Nikolai surveyed her unspeaking for a moment. ‘You mean you would prefer she had no one to look after her.’
‘That is so patronising—’ Lisa exploded.
‘Oh, very good,’ he applauded. ‘Call the concerned relative a chauvinist pig and he’ll slink away, apologising. Well, I’m not given to apologising. And I do what’s necessary, whether other people like it or not. Especially when they’re manipulative con artists with a good line in political correctness.’ He was very angry.
Lisa looked at her cutlets. She had hardly touched them. But another mouthful would choke her. She put down her knife and fork and pushed her plate away.
‘Then there’s no point in continuing this.’ She gathered up her tiny handbag. ‘Thank you for lunch.’ She didn’t sound in the least grateful.
Nikolai sighed elaborately and leaned back in his chair. ‘What on earth has come over Tatiana?

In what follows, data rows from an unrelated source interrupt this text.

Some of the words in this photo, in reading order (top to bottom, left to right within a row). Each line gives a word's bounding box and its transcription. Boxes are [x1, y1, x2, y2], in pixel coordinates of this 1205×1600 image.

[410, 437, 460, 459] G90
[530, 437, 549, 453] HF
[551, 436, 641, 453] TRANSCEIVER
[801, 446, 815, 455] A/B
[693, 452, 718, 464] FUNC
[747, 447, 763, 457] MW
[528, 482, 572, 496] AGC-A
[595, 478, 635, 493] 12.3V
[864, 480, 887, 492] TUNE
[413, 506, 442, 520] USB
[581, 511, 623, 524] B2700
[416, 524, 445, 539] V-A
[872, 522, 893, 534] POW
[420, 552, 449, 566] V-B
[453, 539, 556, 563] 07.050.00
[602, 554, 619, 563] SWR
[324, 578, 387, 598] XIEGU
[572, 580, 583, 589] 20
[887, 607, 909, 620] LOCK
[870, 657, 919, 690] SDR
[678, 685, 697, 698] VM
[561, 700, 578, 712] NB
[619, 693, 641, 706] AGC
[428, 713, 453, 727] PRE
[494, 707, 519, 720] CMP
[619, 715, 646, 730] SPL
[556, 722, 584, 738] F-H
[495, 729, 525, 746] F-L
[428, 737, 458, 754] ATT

Do you know?’
Lisa’s head reared up. ‘Maybe she just likes me.’
‘That’s exactly what I mean,’ he drawled.
‘Haven’t you ever just liked someone?’ she flashed.
‘Not to the extent of letting them move in with me.’

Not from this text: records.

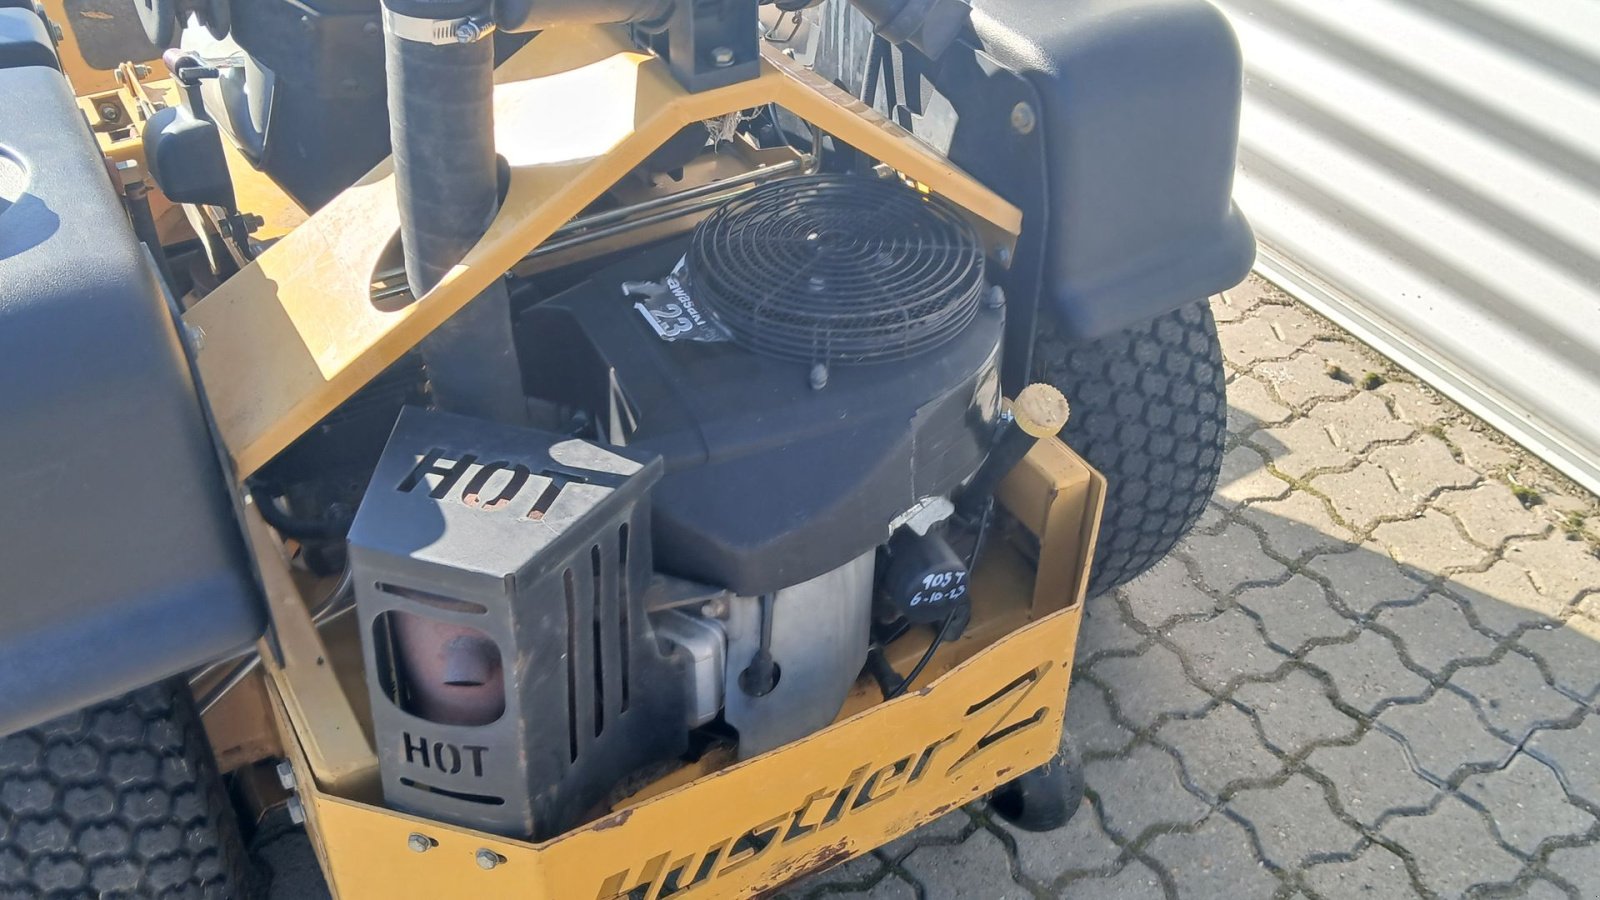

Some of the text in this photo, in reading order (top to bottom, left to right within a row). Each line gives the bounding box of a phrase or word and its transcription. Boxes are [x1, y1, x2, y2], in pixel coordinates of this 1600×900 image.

[650, 303, 693, 337] 23
[666, 274, 706, 326] awasaki
[396, 447, 588, 521] HOT
[946, 660, 1053, 778] Z
[403, 731, 489, 777] HOT

Lisa’s lip curled. ‘I can well believe it.’ She stood up. ‘Well, you don’t like me and I certainly don’t want to spend any more time on this.’ She fished in her handbag and brought out a small white oblong. She tossed it down on the table. ‘My business card,’ she said curtly. ‘Do whatever checking up you want. Just don’t come near me again.’
And before Nikolai could say another word, or even get to his feet, she walked out.
CHAPTER THREE
NIKOLAI got to Tom’s before lunch had ended. Tom welcomed him into their tiny flat while his girlfriend, Melissa, pressed a bowl of assorted desserts into Nikolai’s hand and cleared a place for him next to the great expedition leader.
‘Ivanov,’ said Professor Sedgewick through a mighty mouthful of bread and butter pudding. He swallowed hard, rose, shook hands with enthusiasm and sank back down again in one jerky movement. ‘My dear chap, what a pleasure at last. Meant to write and tell you how much I admired your work on the Macaques. But things go out of my head unless my wife is there to remind me.’
‘Well, she must have done,’ said Nikolai, entertained. ‘You sent me a very nice letter. My publishers cannibalised the best bits for the dustjacket, I’m afraid.’
‘Good, good,’ said the professor, with the vagueness of one whose publishers never told him what they were doing to publicise his books in case he torpedoed it. ‘Now, you’re going to come to Borneo with me, is that right?’
Nikolai was taken aback by this forthright approach.
‘I’d be very flattered, of course, but…’
‘Other commitments?’ The professor was sympathetic. ‘Book deadlines? Blasted television companies?’ His tone filled with loathing. ‘Graduate students?’
‘No, nothing like that. The commitments are personal, I’m afraid.’
The professor looked bewildered for a moment. Then brightened.
‘Bring her with you. Lovely place for a honeymoon, Borneo.’
Melissa made a choking sound. Tom stared her down.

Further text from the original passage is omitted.